-------- Input data

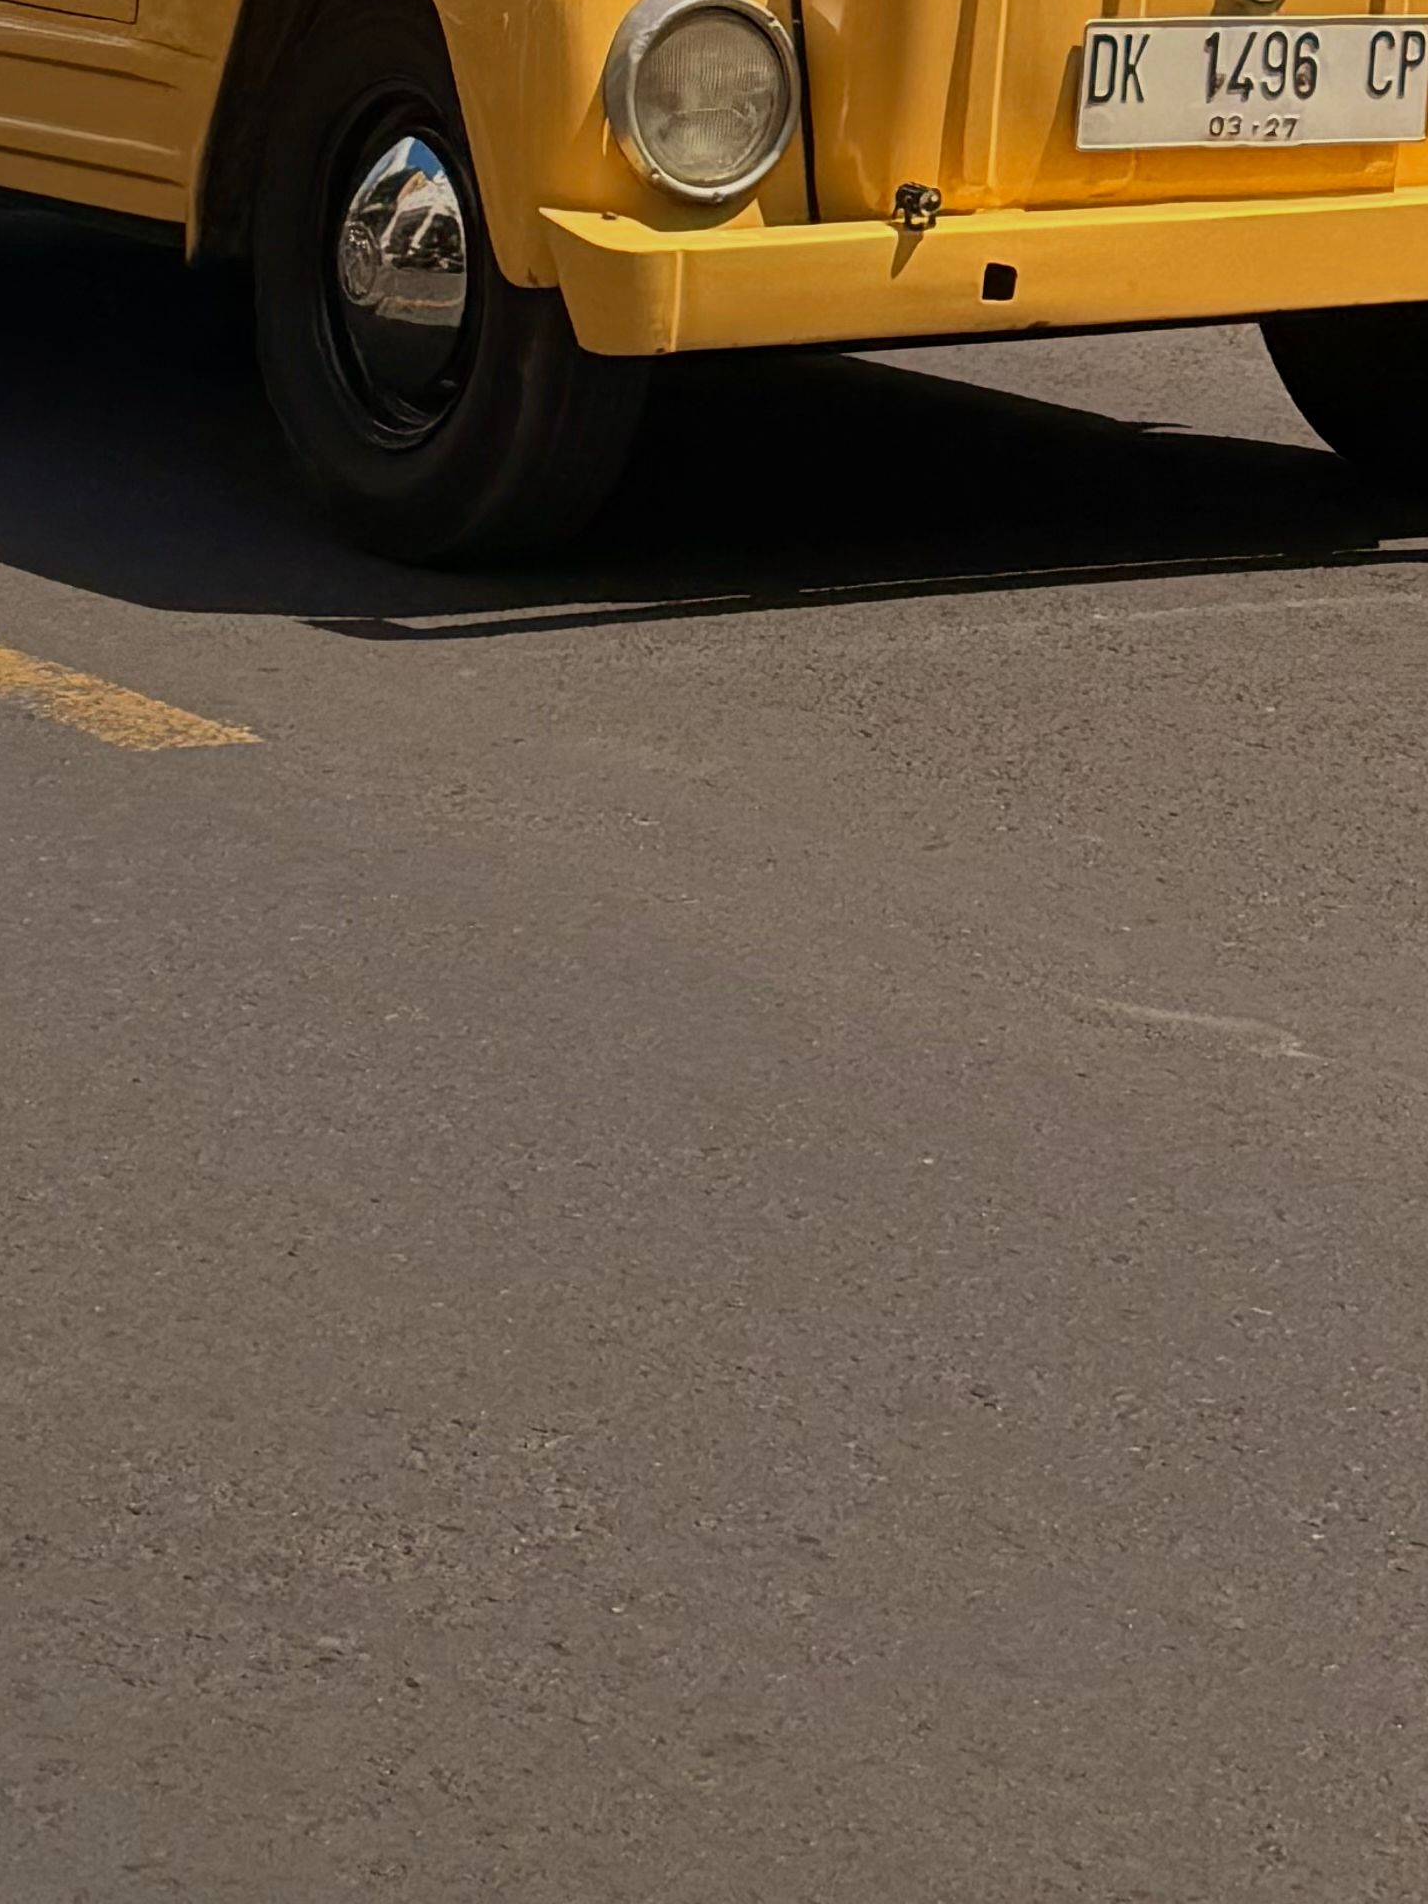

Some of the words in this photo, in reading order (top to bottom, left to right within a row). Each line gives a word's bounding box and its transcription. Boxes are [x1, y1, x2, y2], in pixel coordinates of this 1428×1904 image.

[1086, 33, 1150, 106] DK
[1202, 30, 1321, 103] 1496
[1366, 29, 1427, 99] CP
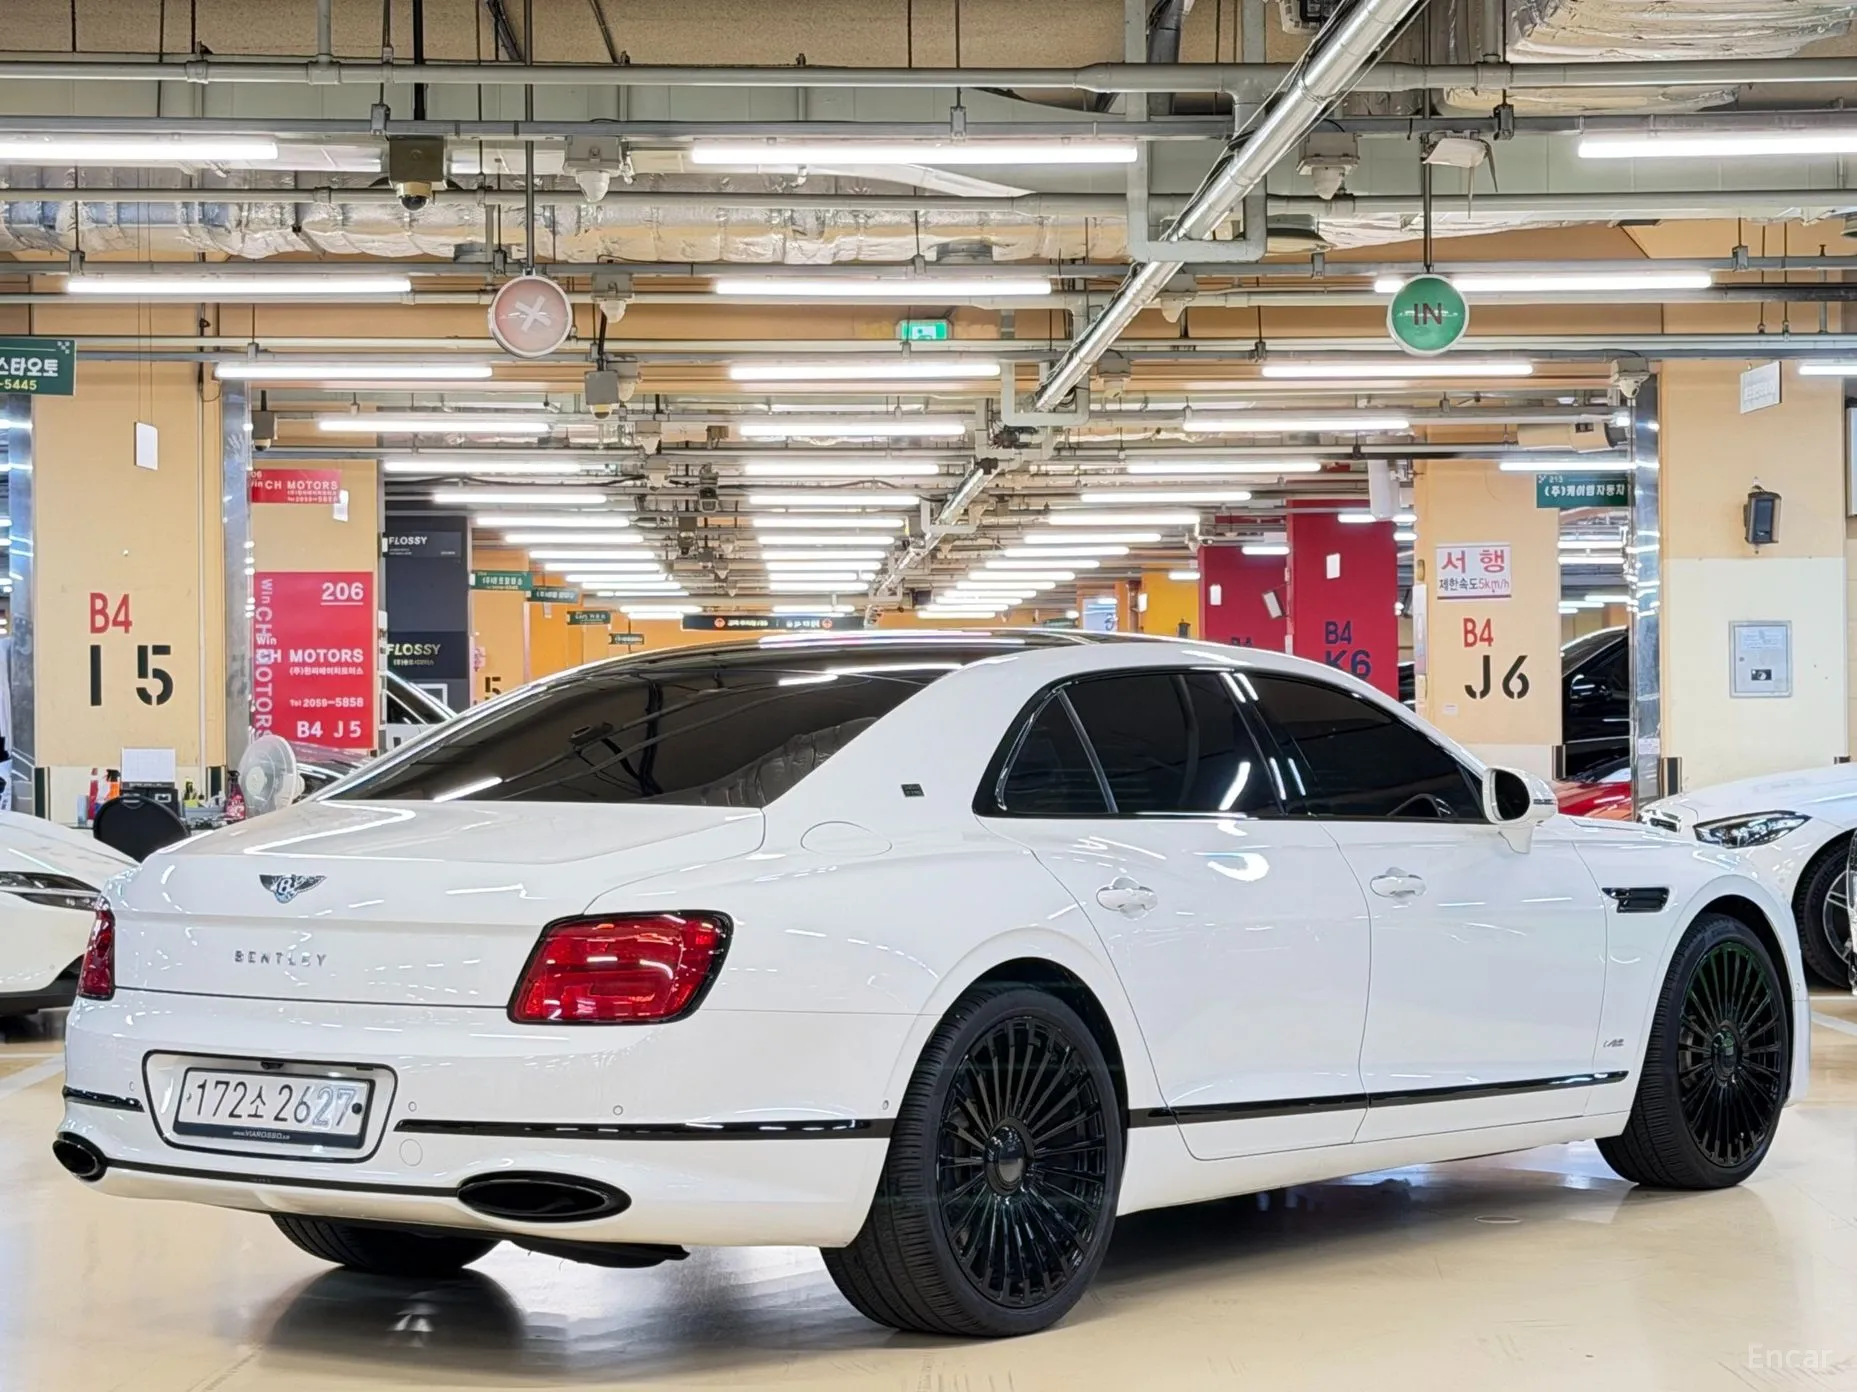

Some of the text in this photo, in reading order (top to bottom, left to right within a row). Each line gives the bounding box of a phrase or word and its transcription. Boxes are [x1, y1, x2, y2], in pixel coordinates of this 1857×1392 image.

[1414, 302, 1442, 325] IN
[287, 480, 338, 490] MOTORS
[388, 536, 427, 545] FLOSSY
[322, 582, 364, 600] 206
[90, 592, 133, 634] B4
[1325, 621, 1352, 644] B4
[1463, 618, 1494, 648] B4
[289, 648, 364, 662] MOTORS
[386, 643, 441, 655] FLOSSY
[297, 721, 322, 738] B4
[235, 949, 326, 967] BENTLEY
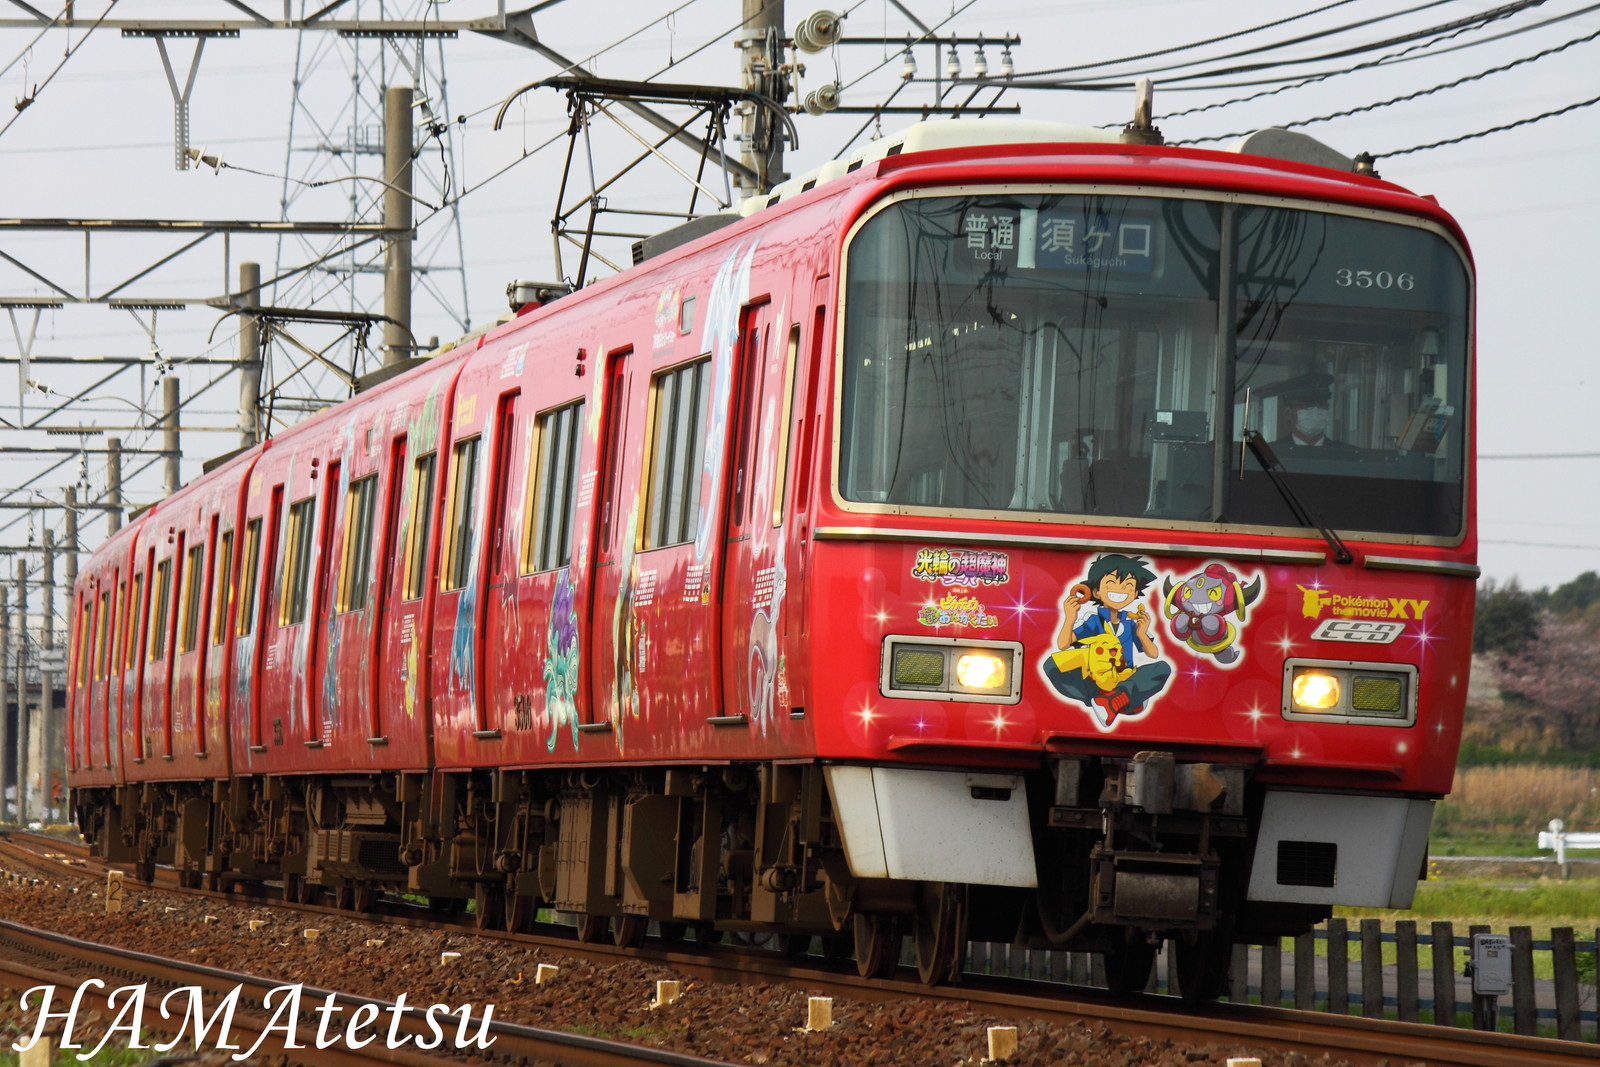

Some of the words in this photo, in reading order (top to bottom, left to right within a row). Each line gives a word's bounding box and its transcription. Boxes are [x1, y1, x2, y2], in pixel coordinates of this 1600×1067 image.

[965, 213, 1014, 250] 普通
[975, 250, 1002, 261] Local
[1065, 255, 1126, 268] Sukaguchi
[1335, 268, 1415, 291] 3506
[915, 549, 1008, 576] 光輪の超魔神
[1332, 595, 1388, 608] Pokémon
[1388, 598, 1431, 620] XY
[939, 611, 998, 627] おんがくたい
[1351, 608, 1388, 618] movie
[109, 879, 122, 902] 2

----------------

■ About this exercise:
Leave out each picture and extract the lines from the one containing "Some of the text" through the end of the records above, inclusive, exactly as they stand.

■ Response to this exercise:
Some of the text in this photo, in reading order (top to bottom, left to right within a row). Each line gives the bounding box of a phrase or word and its transcription. Boxes are [x1, y1, x2, y2], in pixel coordinates of this 1857×1392 image.

[1414, 302, 1442, 325] IN
[287, 480, 338, 490] MOTORS
[388, 536, 427, 545] FLOSSY
[322, 582, 364, 600] 206
[90, 592, 133, 634] B4
[1325, 621, 1352, 644] B4
[1463, 618, 1494, 648] B4
[289, 648, 364, 662] MOTORS
[386, 643, 441, 655] FLOSSY
[297, 721, 322, 738] B4
[235, 949, 326, 967] BENTLEY

Some of the words in this photo, in reading order (top to bottom, left to right within a row). Each line gives a word's bounding box and its transcription. Boxes are [x1, y1, x2, y2], in pixel coordinates of this 1600×1067 image.

[965, 213, 1014, 250] 普通
[975, 250, 1002, 261] Local
[1065, 255, 1126, 268] Sukaguchi
[1335, 268, 1415, 291] 3506
[915, 549, 1008, 576] 光輪の超魔神
[1332, 595, 1388, 608] Pokémon
[1388, 598, 1431, 620] XY
[939, 611, 998, 627] おんがくたい
[1351, 608, 1388, 618] movie
[109, 879, 122, 902] 2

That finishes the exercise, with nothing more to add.